Gavin tersenyum kaku, wajahnya tak jauh berbeda. Key menarik napas lega, tapi tidak bisa menyembunyikan pipi yang merah padam. Gavin, di sisi lain, juga tampak canggung, tapi sesekali melirik ke arah Key sambil tersenyum kecil. Meski malu, Key merasa ada sesuatu yang berbeda hari itu—rasa canggung yang bercampur dengan kebahagiaan, perasaan aneh yang membuat hatinya berdebar lebih kencang.

Setelah acara selesai dan seluruh penampilan berakhir, Key dan Lala kembali ke ruang ganti untuk melepas kostum dan membersikan makeup. Wajah-wajah lelah tampak di cermin, tapi senyum kepuasan menghiasi bibir mereka.
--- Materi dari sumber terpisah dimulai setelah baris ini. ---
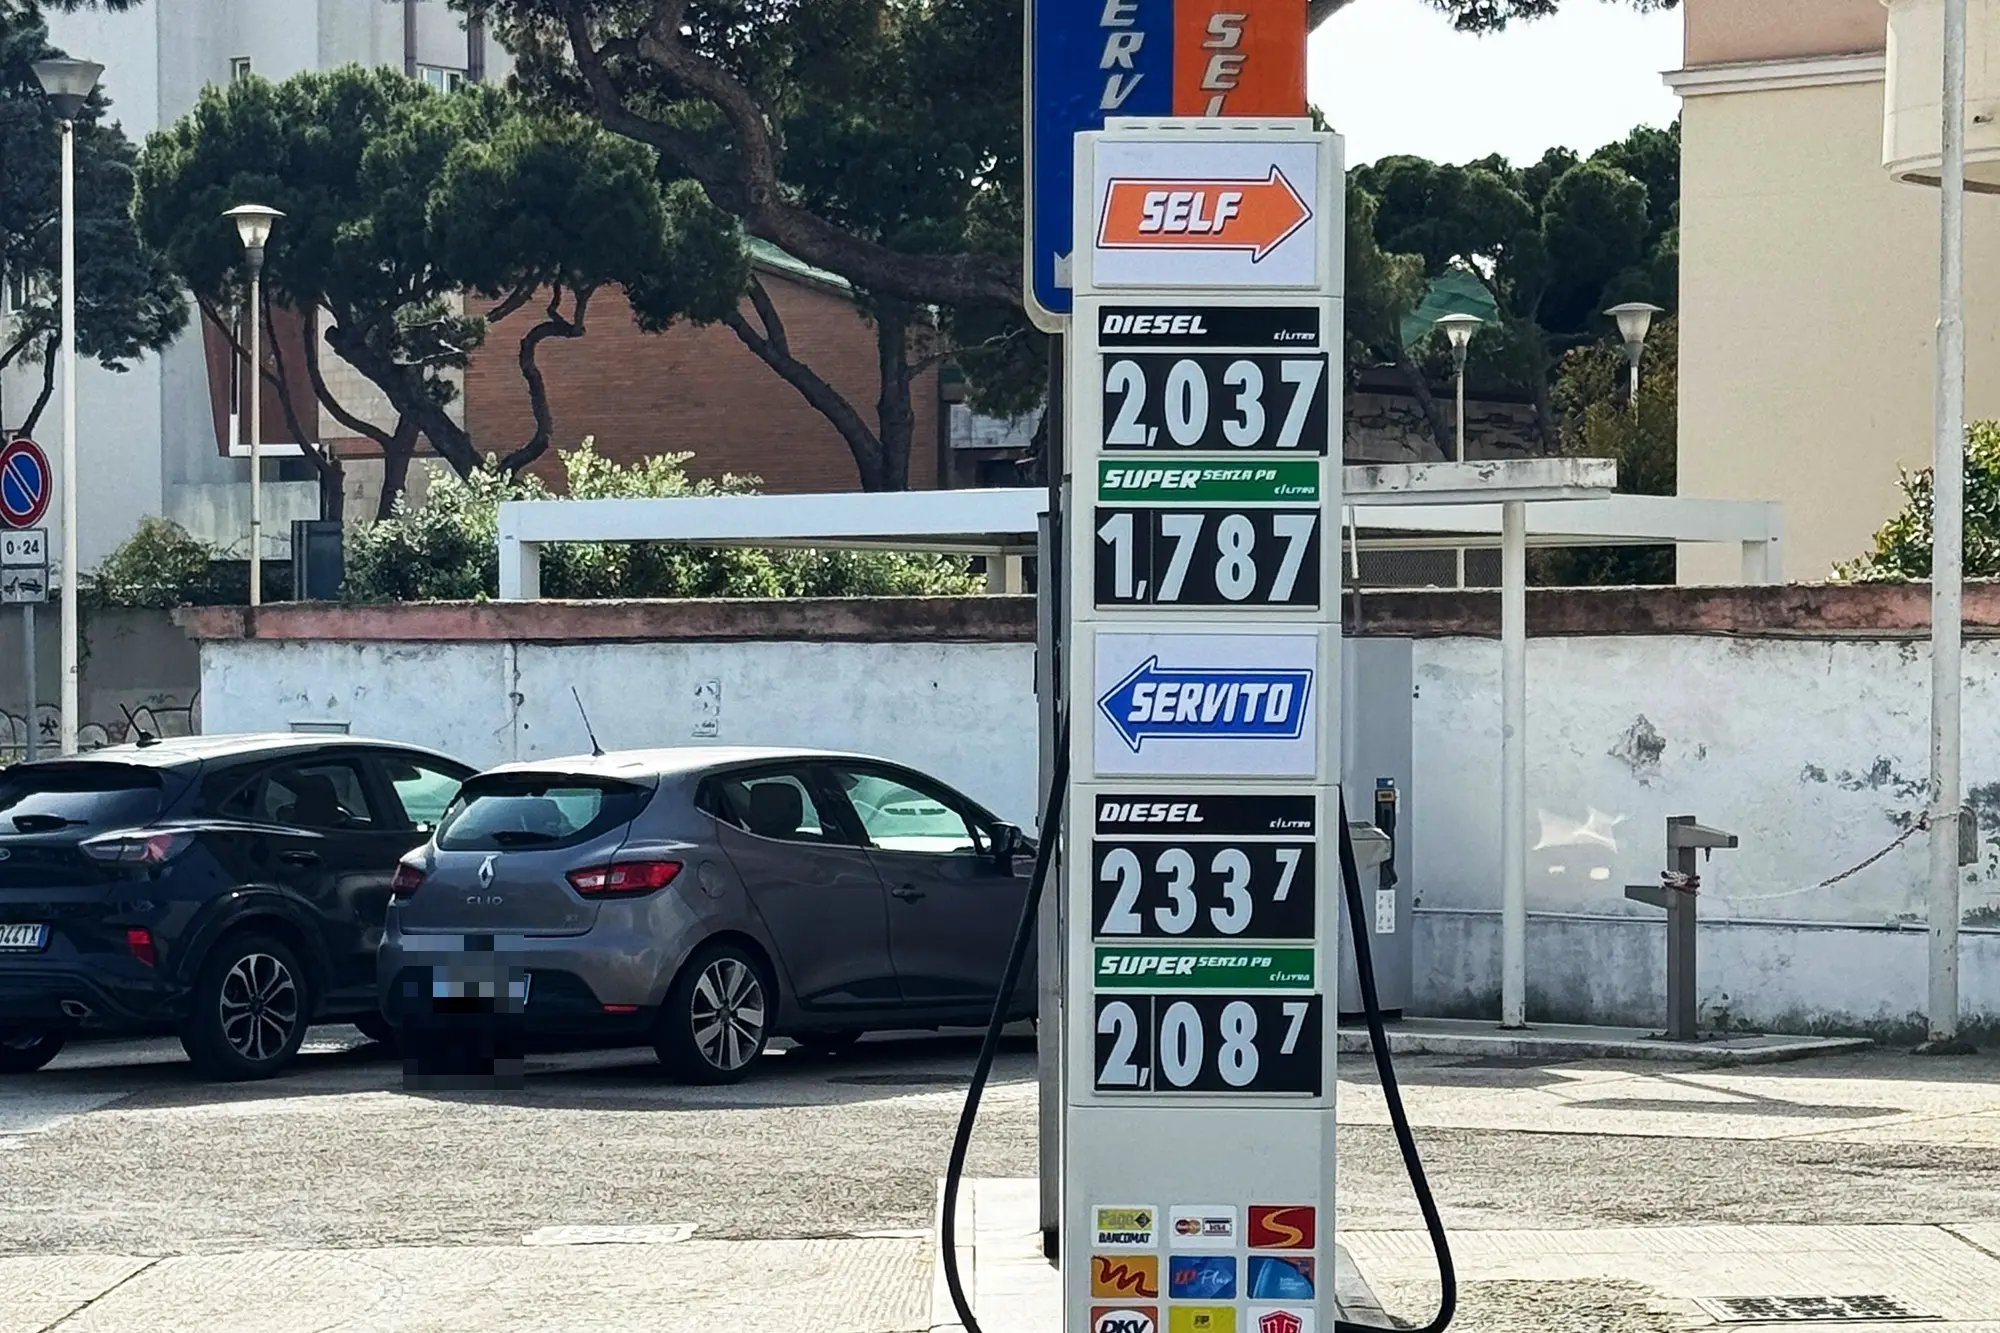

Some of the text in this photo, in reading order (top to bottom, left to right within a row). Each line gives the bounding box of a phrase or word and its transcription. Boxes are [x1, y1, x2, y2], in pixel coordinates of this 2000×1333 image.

"Akhirnya selesai juga ya, Key!" seru Lala, mengusap wajahnya dengan tisu basah. "Tapi gila, seru banget tadi penampilannya, ya?"

Key menyeringai, lalu menoleh ke arah Lala sambil berkata, "Iya, seru sih, tapi gue gak bakal lupa pas dipaksa foto sama Gavin di atas panggung tadi. Gila, muka gue udah kayak kepiting rebus!"

Lala tertawa sambil menggoyangkan kepalanya. "Lo malu banget tadi, padahal kesempatan emas loh bisa pegangan tangan sama Gavin. Seru kali itu!"

Key mengendus, berusaha menutupi rasa malunya. "Ah, Lala, udahlah. Tapi kan di panggung utama! Semua mata tertuju ke kita!"

Lala hanya terkekeh sambil menepuk punggung Key. "Ya, anggap aja bagian dari pertunjukan, Key. Lagi pula, Gavin juga gak keberatan, kan?"

Sambil tertawa dan mengobrol, mereka akhirnya selesai membersihkan diri dan berganti baju dengan pakaian OSIS. Wajah mereka sudah segar kembali, walau rasa kantuk mulai datang. Namun, tanggung jawab masih menunggu.

"Udah bersih, La?" tanya Key sambil merapikan rambutnya. "Yuk balik ke sekolah lagi, bantuin anak OSIS beresin sisa-sisa acara."

Lala mengangguk. "Ayo! Gak enak juga ninggalin kerjaan gitu aja. Kasihan anak-anak yang lain kalau kita gak bantu."

Mereka pun berjalan kembali ke sekolah dengan langkah santai. Meskipun tubuh terasa lelah. Saat tiba di sekolah, suasana masih ramai meskipun acaranya sudah selesai. Beberapa anggota OSIS tampak sibuk membongkar dekorasi dan merapikan aula. Kak Ve, yang sejak tadi sibuk memegang daftar tugas, langsung melambaikan tangan ketika melihat kedatangan mereka.

"Eh, kalian balik juga! Mau bantuin?" seru Kak Ve, senyum lelah namun penuh semangat tampak di wajahnya.

Key tersenyum sambil mengangguk, "Iya dong, Kak. Masa abis tampil terus kabur, nggak enak lah."

Lala menambahkan sambil tertawa kecil, "Ya kan kita anak OSIS, Kak. Tanggung jawabnya gak cuma di panggung."

Kak Ve tertawa sambil mengusap peluh di dahinya. "Wah, hebat kalian ya. Udah tampil keren, sekarang masih mau bantuin. Makasih banget!"

Key langsung mengambil beberapa kursi dan mulai membantu mengangkatnya. "Sama-sama, Kak. Kan kita tim!"

Semetara itu, Lala membantu dengan mengambil beberapa kotak dekorasi yang perlu dibereskan. Suasana mulai terasa lebih ringan meski mereka semua lelah.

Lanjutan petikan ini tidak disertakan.